Should a picture appear anywhere in the data, omit it and copy everything else exactly.
○ ○ ○ ○ ○ ○ ○
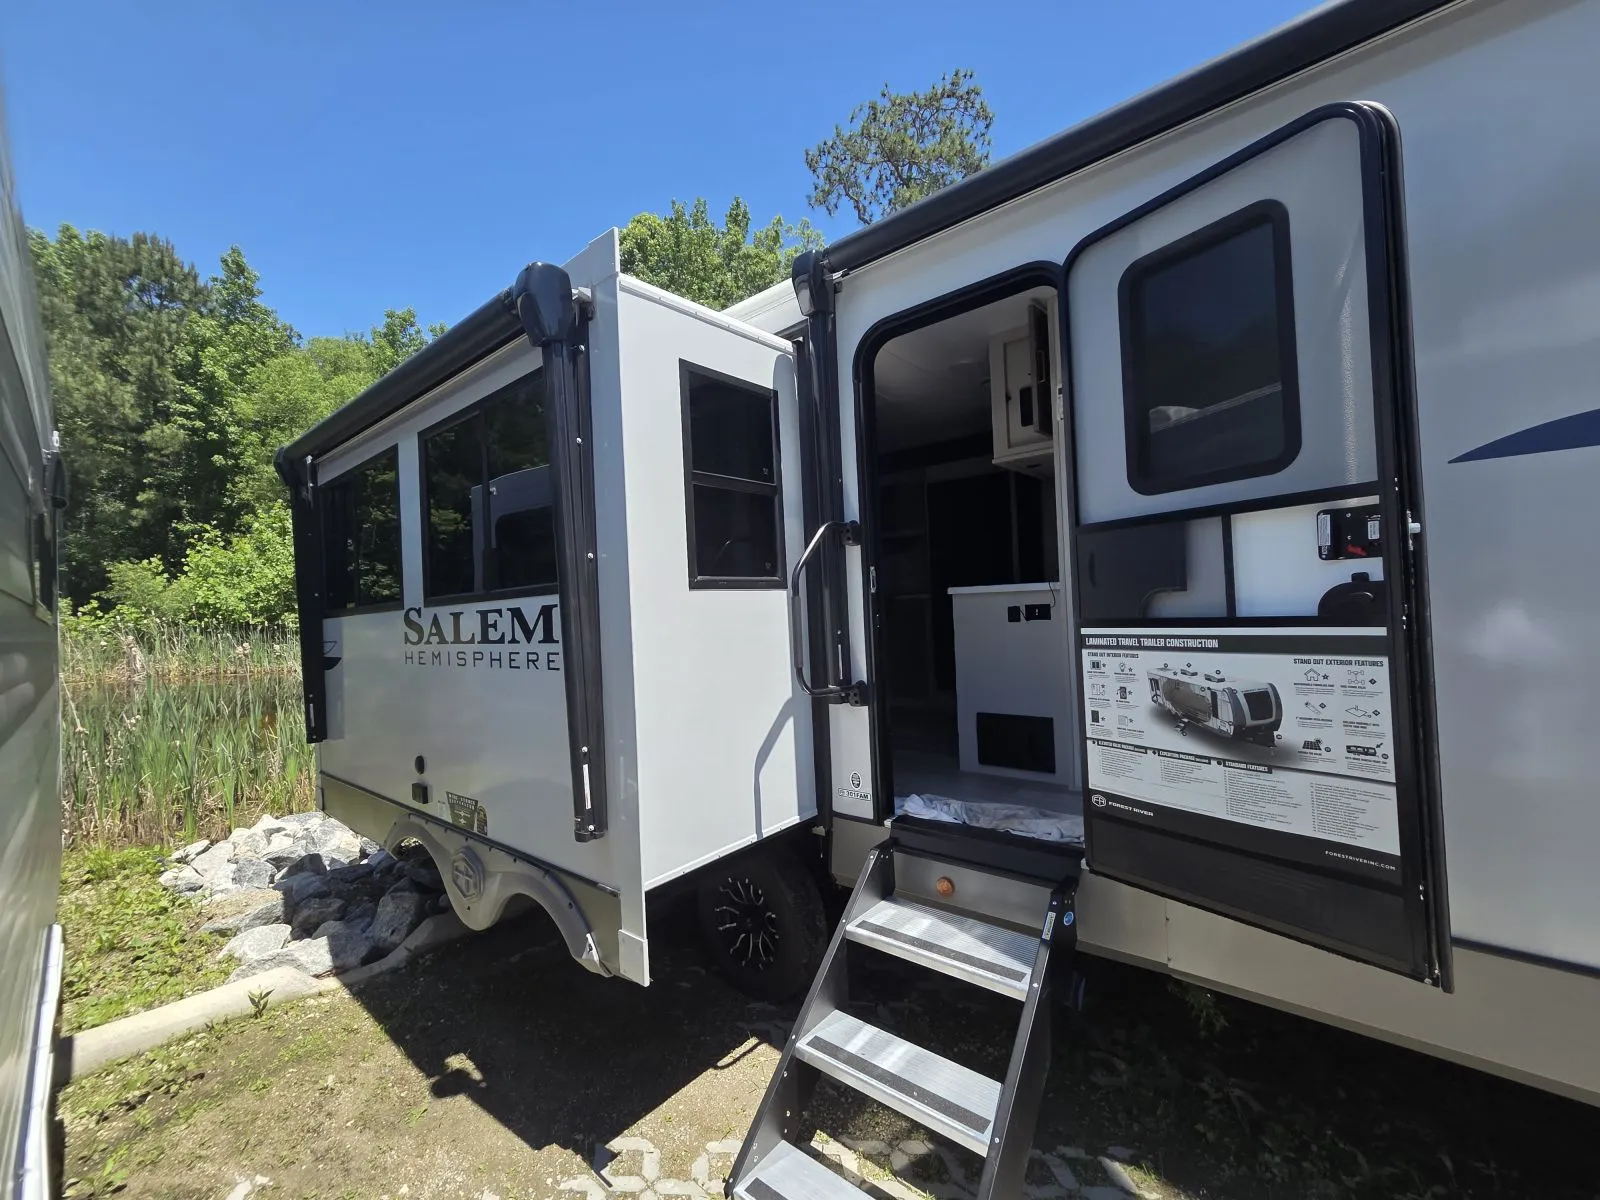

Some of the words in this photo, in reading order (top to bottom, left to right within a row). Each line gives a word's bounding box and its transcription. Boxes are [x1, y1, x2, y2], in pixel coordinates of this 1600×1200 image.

[403, 604, 560, 646] SALEM
[1085, 637, 1117, 646] LAMINATED
[1118, 638, 1140, 647] TRAVEL
[1140, 638, 1165, 648] TRAILER
[1166, 638, 1219, 648] CONSTRUCTION
[404, 650, 561, 671] HEMISPHERE
[1354, 659, 1384, 667] FEATURES
[1108, 801, 1133, 811] FOREST
[1132, 807, 1154, 817] RIVER
[1325, 850, 1396, 871] FORESTRIVERINC.COM
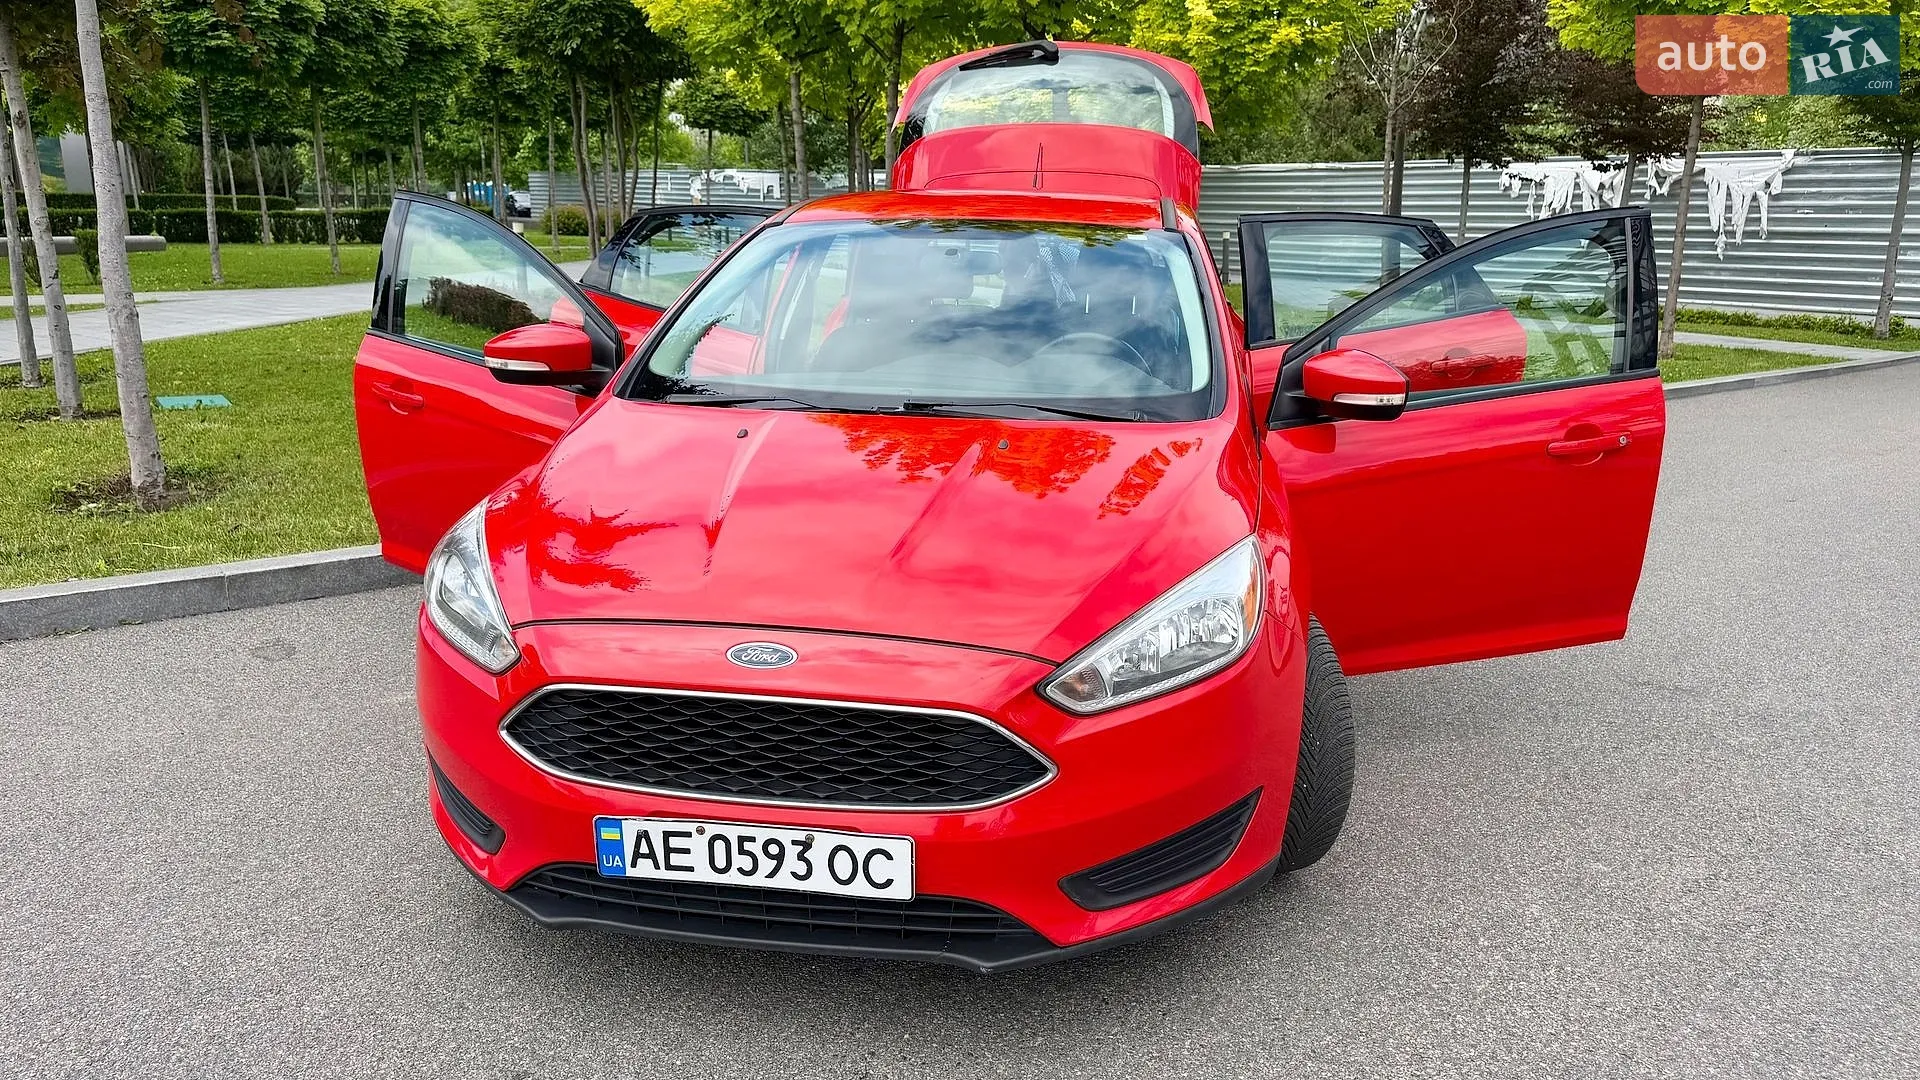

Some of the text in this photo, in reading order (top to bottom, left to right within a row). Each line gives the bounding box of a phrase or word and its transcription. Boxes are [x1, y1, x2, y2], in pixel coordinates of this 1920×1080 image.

[741, 646, 782, 663] Ford
[602, 853, 624, 868] UA
[630, 829, 894, 890] AE 0593 OC
○ ○ ○ ○ ○ ○ ○
» Response below
Some of the words in this photo, in reading order (top to bottom, left to right within a row). Each line gives a word's bounding box and its transcription. Boxes are [x1, y1, x2, y2], in pixel coordinates of this 1600×1200 image.

[403, 604, 560, 646] SALEM
[1085, 637, 1117, 646] LAMINATED
[1118, 638, 1140, 647] TRAVEL
[1140, 638, 1165, 648] TRAILER
[1166, 638, 1219, 648] CONSTRUCTION
[404, 650, 561, 671] HEMISPHERE
[1354, 659, 1384, 667] FEATURES
[1108, 801, 1133, 811] FOREST
[1132, 807, 1154, 817] RIVER
[1325, 850, 1396, 871] FORESTRIVERINC.COM

Some of the text in this photo, in reading order (top to bottom, left to right within a row). Each line gives the bounding box of a phrase or word and its transcription. Boxes are [x1, y1, x2, y2], in pixel coordinates of this 1920×1080 image.

[741, 646, 782, 663] Ford
[602, 853, 624, 868] UA
[630, 829, 894, 890] AE 0593 OC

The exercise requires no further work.